Rajoy o la voz de la experiencia

JESÚS ALONSO

Jesús AlonsoEl Plan Renove del PP, chapa y pintura, ha deparado episodios hilarantes muy en la línea de los registrados en la formación conservadora a lo largo de los últimos lustros. Sin embargo, no ha sido el capítulo de los ridículos vídeos cuya autoría negaron los supervivientes aspirantes a la presidencia, Soraya Sáenz de Santamaría y Pablo Casado, en medio de graves aspavientos, impostadas muestras de desaprobación, mohínes de disgusto, apelaciones al compañerismo y llamamientos a la unidad de destino en lo universal lo más significativo del sainete.

Tampoco que ambos reivindicaran el legado de Rajoy al mismo tiempo que lo rechazaban en un complicado ejercicio de contorsionismo más propio del Circo del Sol que del teatrillo que habían montado. Ni siquiera las fotos de los almuerzos –pizza en la sede genovesa para unos, pitanza en asador tradicional para los otros– o el hecho de que Casado presentara como avalistas-comensales a los exministros José Manuel Soria, que chapoteó en paraísos fiscales, y Rafael Catalá, que fue reprobado por el Congreso, han sido las piezas más destacadas del culebrón.

Y mucho menos la suma de los apoyos que la exvicepresidenta y el exvicesecretario general de Comunicación decían tener hasta las vísperas del sangriento cónclave: el ciento cuarenta por ciento de los compromisarios agrupaban los contendientes, cifra que recuerda a aquellos entrañables referéndums organizados por la Dictadura para corroborar la inquebrantable adhesión de los españoles a Franco, en cuya exhumación el segundo de los mencionados no invertiría ni un mísero maravedí, según dijo después de que mintiera al afirmar, poco más o menos, que si alguien no sacaba de la cuneta a su abuelo represaliado durante la guerra era porque no quería. ¿Decíamos renovación? Pues toma taza y media.

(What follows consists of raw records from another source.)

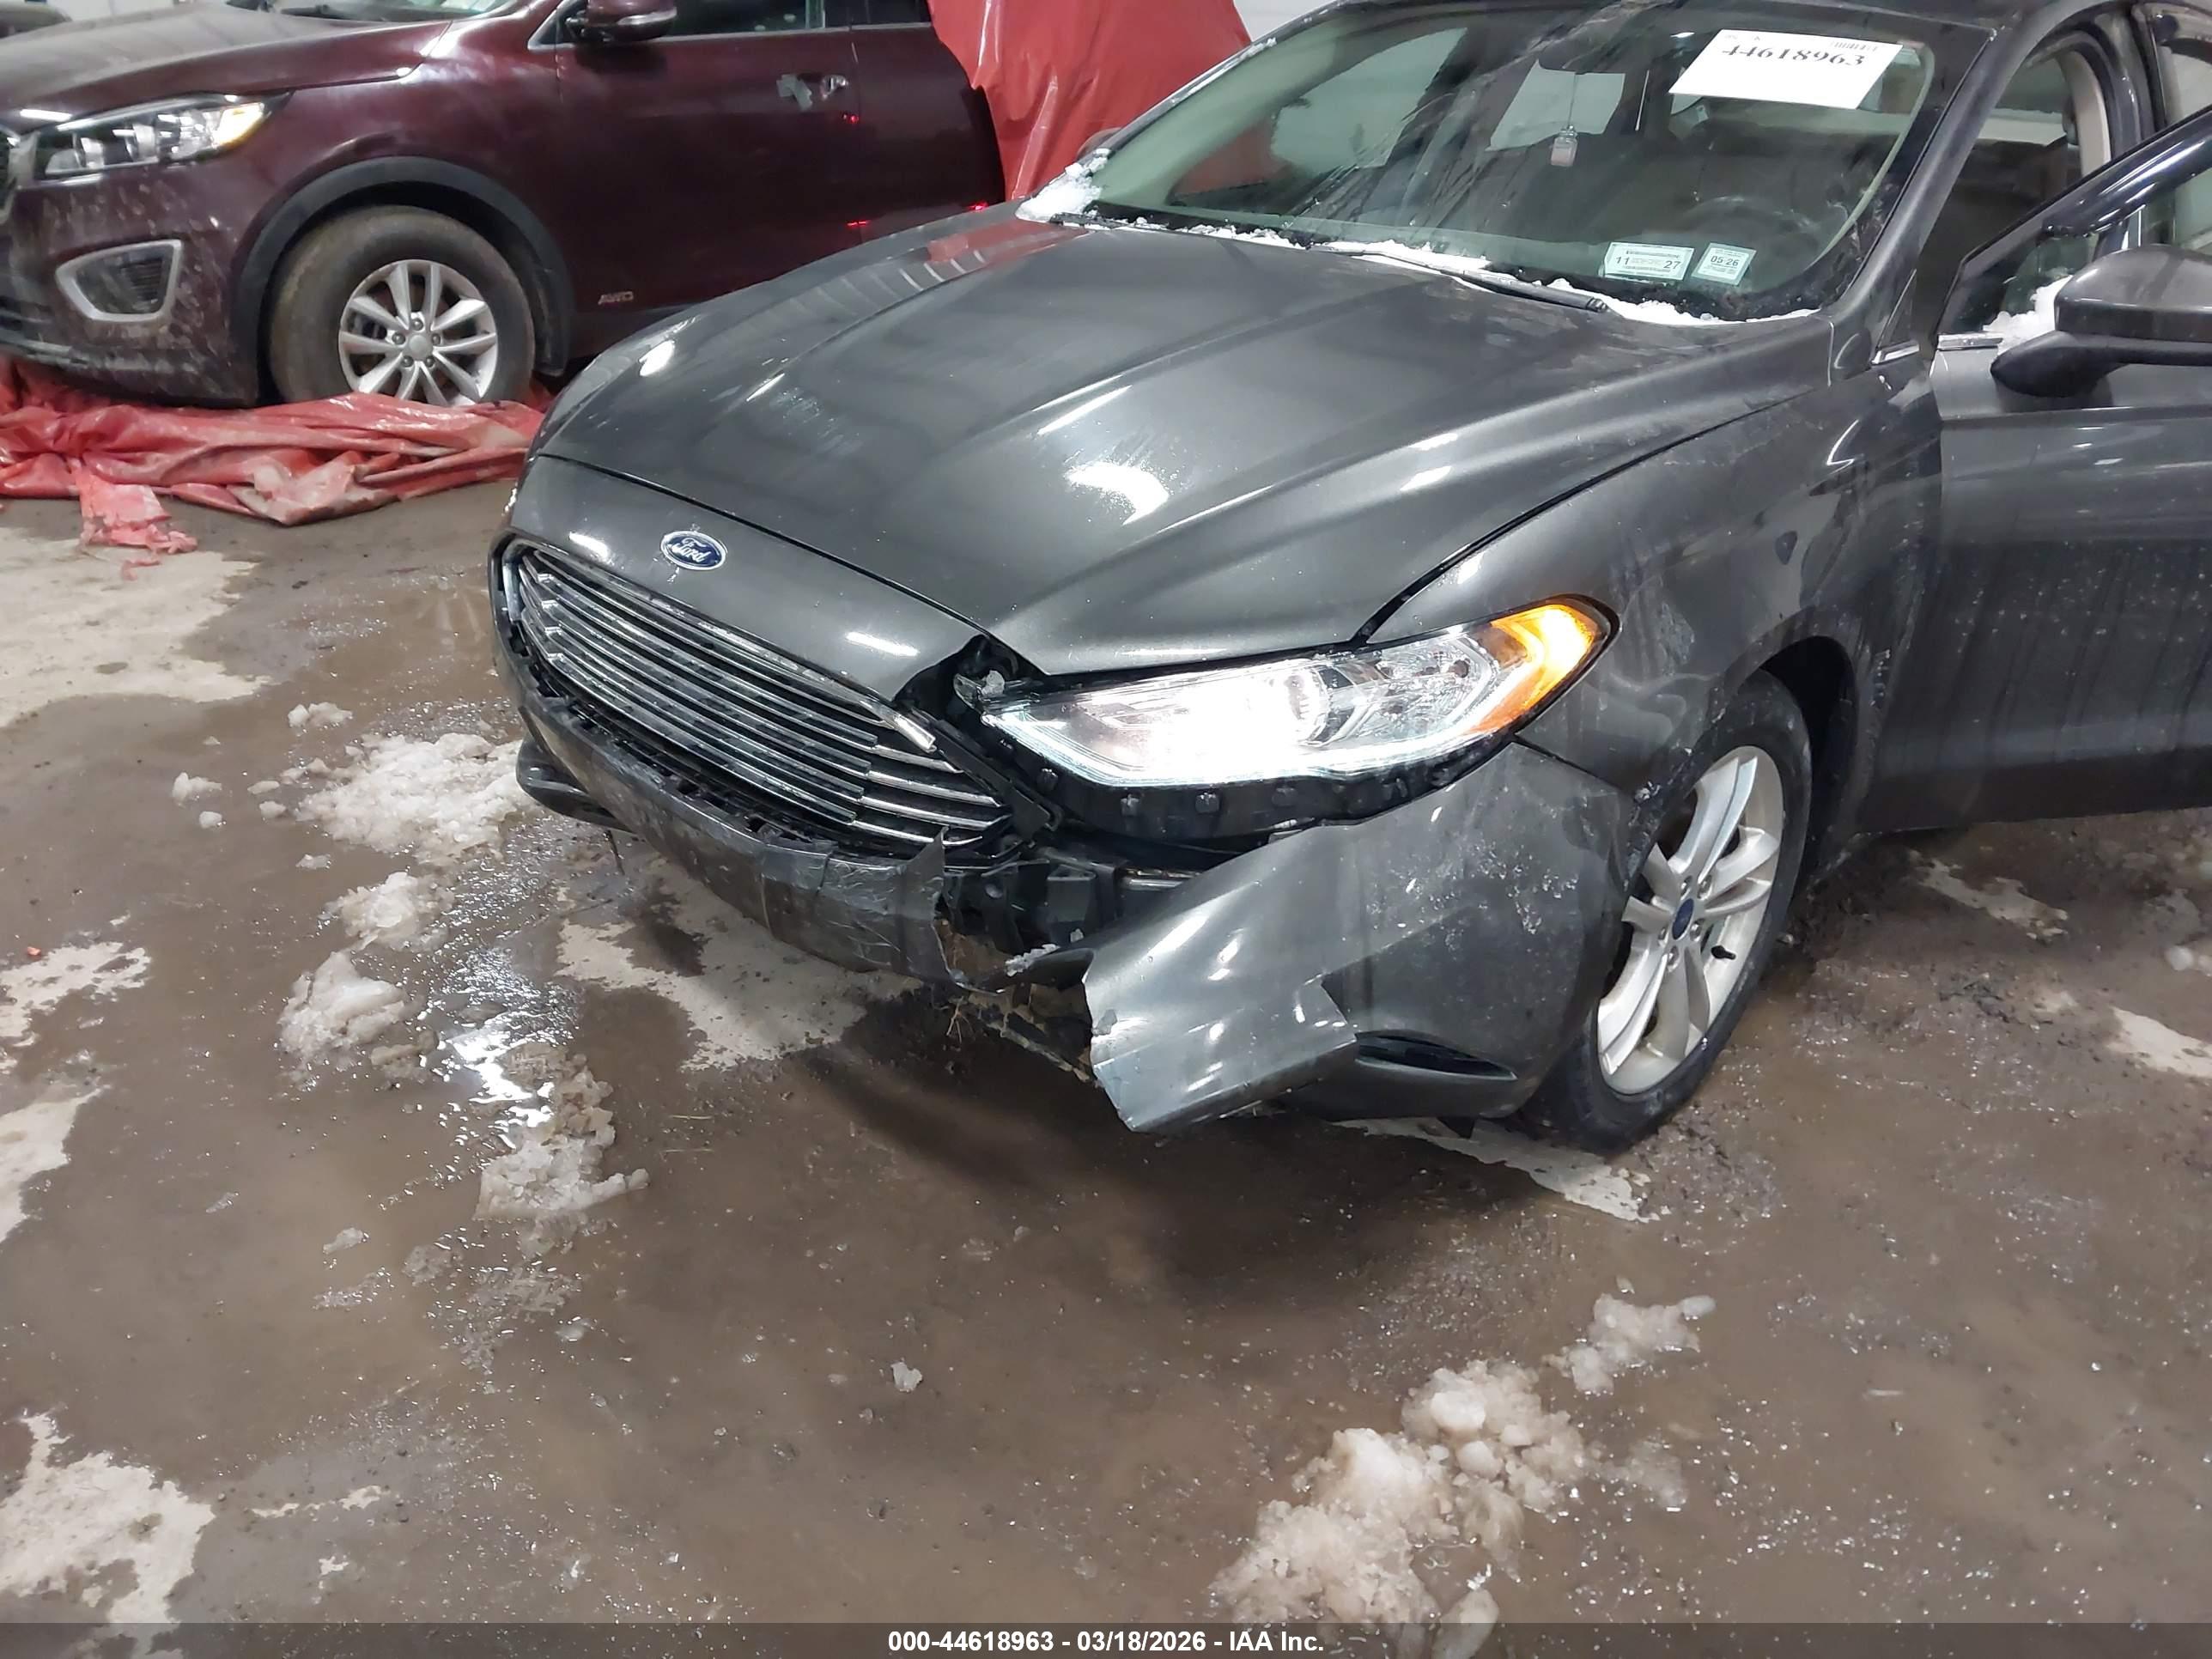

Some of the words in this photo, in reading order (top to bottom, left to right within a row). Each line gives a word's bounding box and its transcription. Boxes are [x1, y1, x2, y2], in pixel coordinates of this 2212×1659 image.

[1722, 45, 1865, 66] 44618963
[1615, 256, 1630, 265] 11
[1663, 260, 1682, 270] 27
[1711, 255, 1724, 264] 05
[1725, 258, 1741, 267] 26
[670, 537, 712, 562] Ford
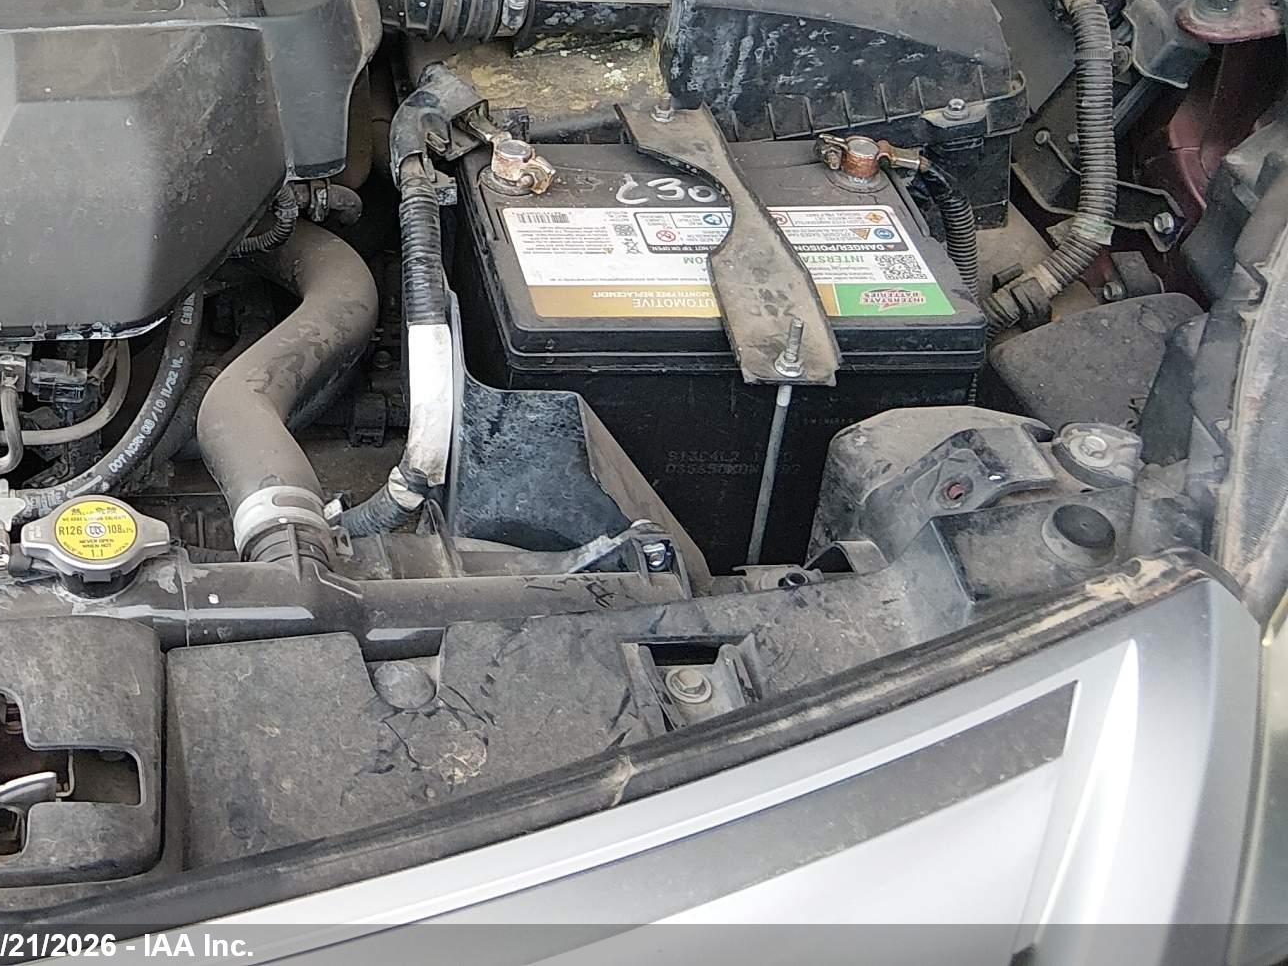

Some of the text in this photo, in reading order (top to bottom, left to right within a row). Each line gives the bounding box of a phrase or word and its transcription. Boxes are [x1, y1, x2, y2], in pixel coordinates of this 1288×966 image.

[803, 255, 865, 263] INTERSTA
[592, 290, 654, 298] REPLACEMENT
[632, 298, 714, 308] UTOMOTIVE
[58, 526, 83, 535] R126
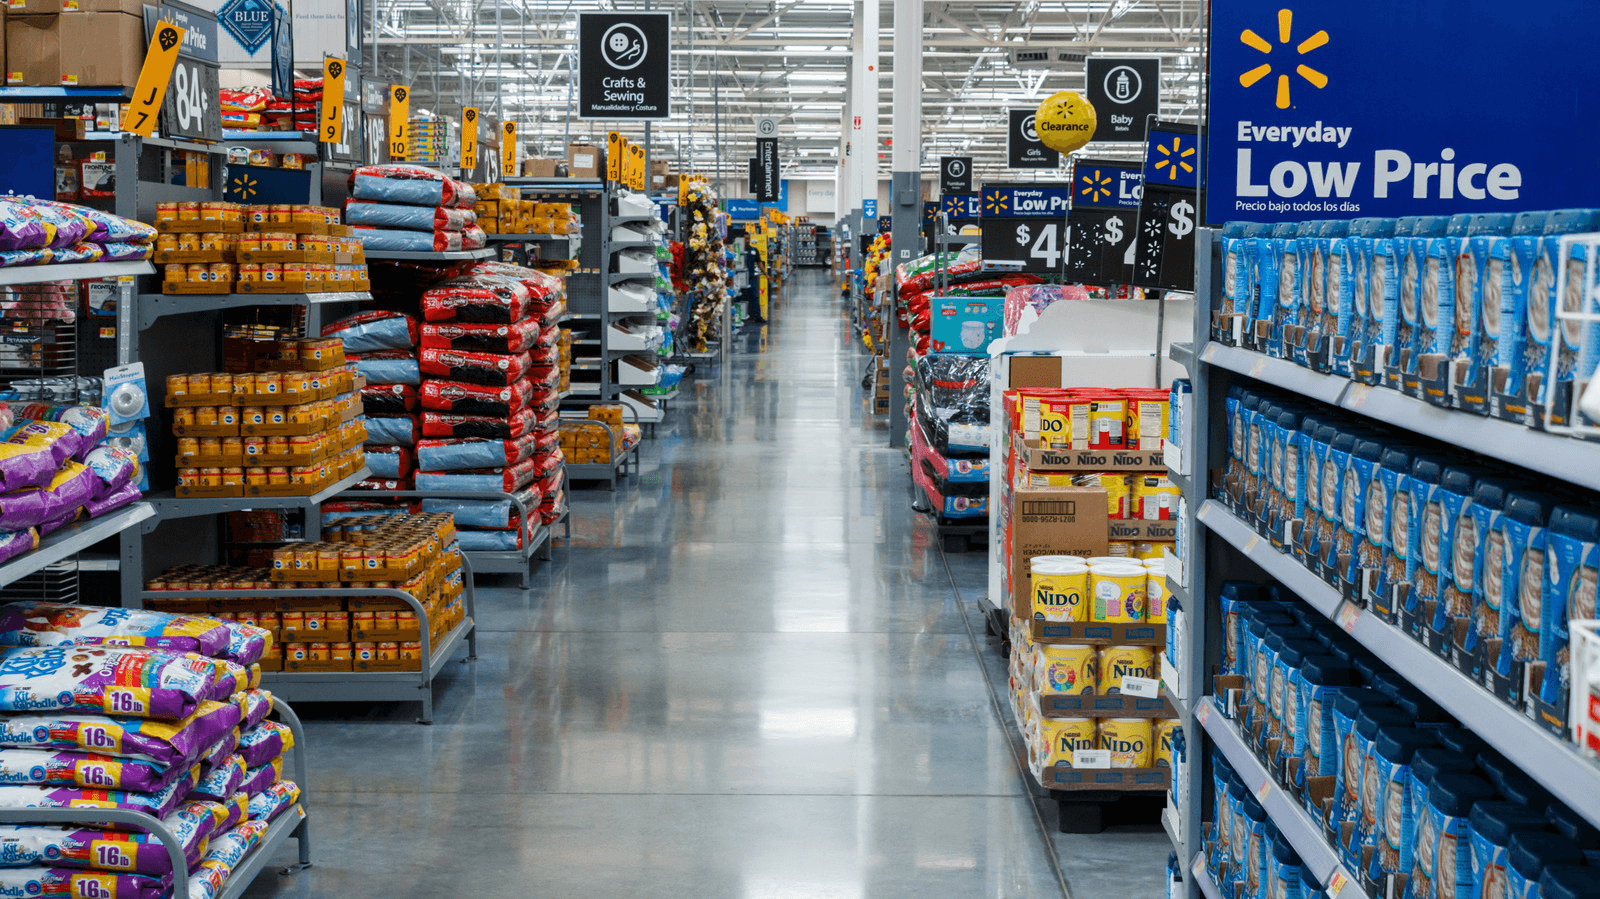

No. Lo más carcajeante del proceso que ha llevado al partido a descuartizarse con una saña inédita y que ha tenido como una de sus primeras consecuencias la guerra abierta en Alicante al reclamar el que fuera subdelegado del Gobierno, Miguel Saval, la cabeza del alcalde Luis Barcala por «castedista» de cara a los comicios de 2019, ha venido del presidente saliente. Quien tuvo, retuvo. Se le ocurrió al registrador de la propiedad de Santa Pola apostar por su exmano derecha en base a la desconfianza que le inspiraba el oponente porque, a su juicio, no estaba suficientemente preparado para regir la vida orgánica del PP y para hacerlo resurgir de las cenizas en las que el propio exlíder lo ha sumido.

Si semejante reconvención la hubiera hecho un político de contrastada eficacia la cosa tendría un pase. ¿Pero él, que ha perdido votos a la misma velocidad que pelo en la coronilla? ¿El mismo al que la corrupción se le ha comido por los pies? ¿El que tenía a todos los tesoreros en los juzgados y ahora tiene a uno en la cárcel con condena firme tras recomendarle por correo que fuera «fuerte»? ¿El que fue reconvenido por los jueces por soltar trolas en su declaración en relación a la financiación ilegal ya suficientemente probada cuando él mismo era el Pancho Villa de la tropa? ¿El dontancredo que no vio venir el disparate independentista, o si lo vio consideró que le favorecía electoralmente y como maniobra de distracción frente a la madre de todas las batallas que era su propia corrupción? ¿El que designó a Soraya para hacer el paripé al otro lado del Ebro con los resultados pacificadores conocidos?

Este pedazo de timonel escapista y amante del plasma y del Marca a partes iguales es el que se considera habilitado para poner nota y para reprochar bisoñeces o alabar capacidades. En su autocomplaciente discurso postrero como telonero del congreso del ajuste de cuentas, el preclaro exdirigente popular confirmó que, transcurridas varias semanas desde su defenestración, no ha entendido nada de lo que ha ocurrido ni de lo le ha ocurrido. Con expertos así sobran aficionados.